Sai Yok (ไทรโยค, /th/) is a district (amphoe) in Kanchanaburi province in western Thailand and is located northwest of Bangkok.

== History ==
Prasat Mueang Sing, in tambon Sing, has been identified with Śrī Jayasiṃhapurī, one of the cities named in the Preah Khan inscription of 1191 as receiving an image of the Buddha from Jayavarman VII. David K. Wyatt gives the ground for the reading: taking the list to run in rough geographical order, the place must be the Mueang Sing of Kanchanaburi rather than the Singburi north-west of Ayutthaya.
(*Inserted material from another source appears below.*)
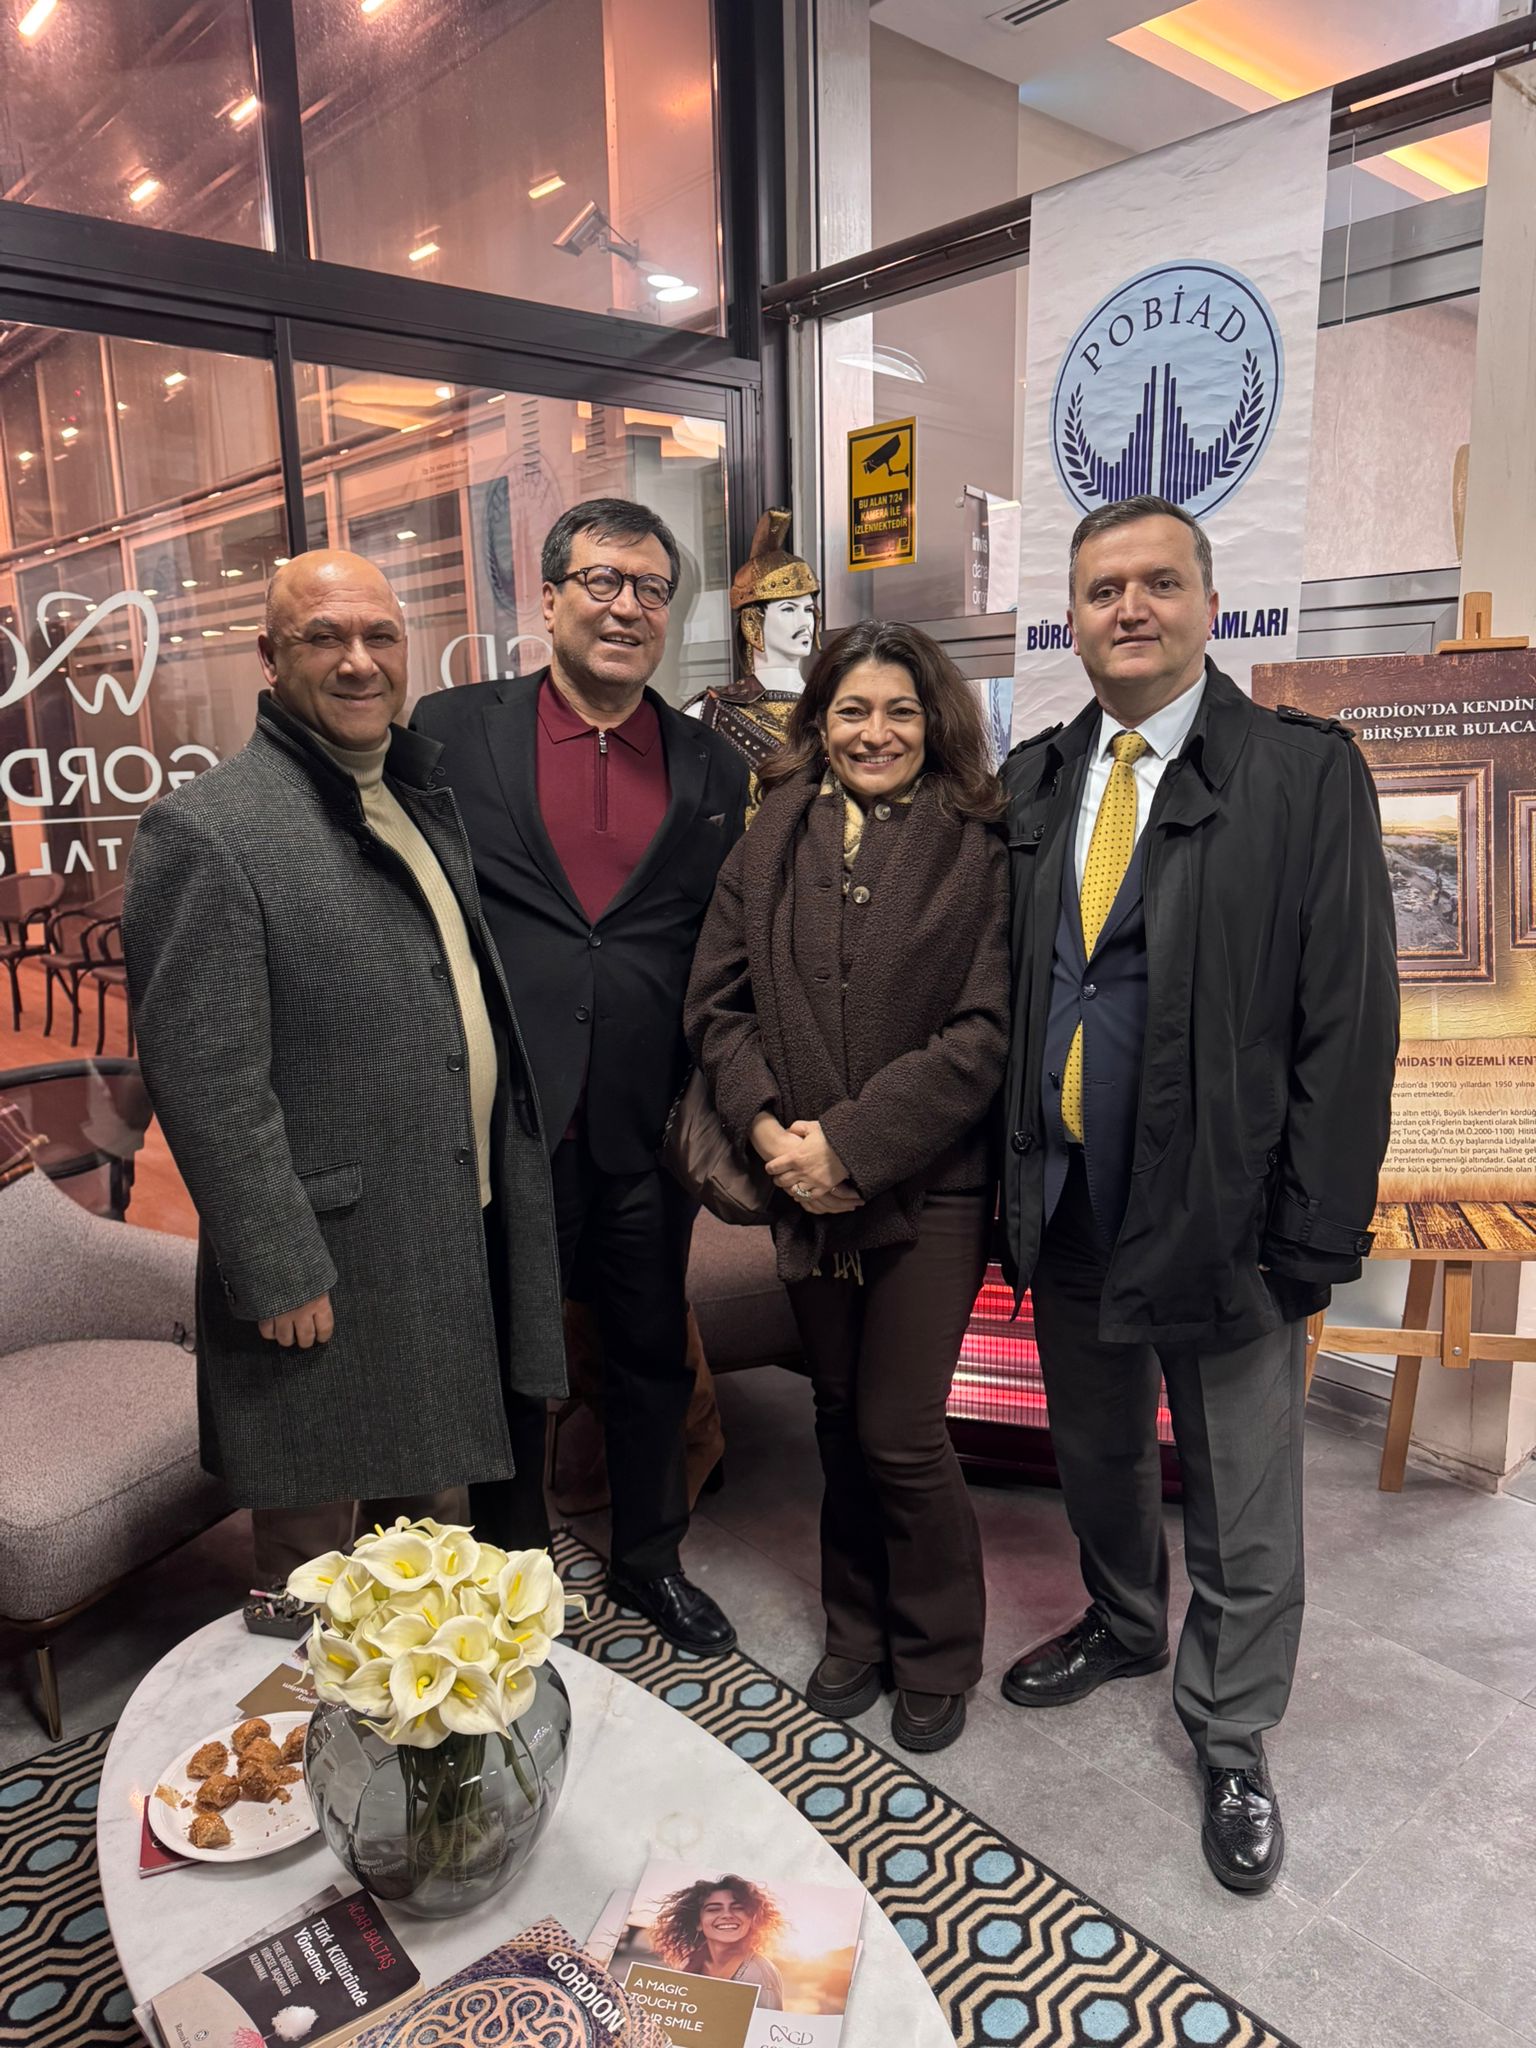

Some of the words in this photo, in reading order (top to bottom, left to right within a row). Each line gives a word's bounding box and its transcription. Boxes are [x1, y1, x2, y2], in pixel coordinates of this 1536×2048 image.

Chris Baker and Pasuk Phongpaichit caution that without corroborating evidence of military or administrative power the sending of the images is better characterised as cultural diplomacy than as rule.

== Geography ==
The district is in the valley of the Khwae Noi River in the Tenasserim Hills area. It borders Myanmar to the south. Along the river the Death Railway runs to Nam Tok Sai Yok Noi.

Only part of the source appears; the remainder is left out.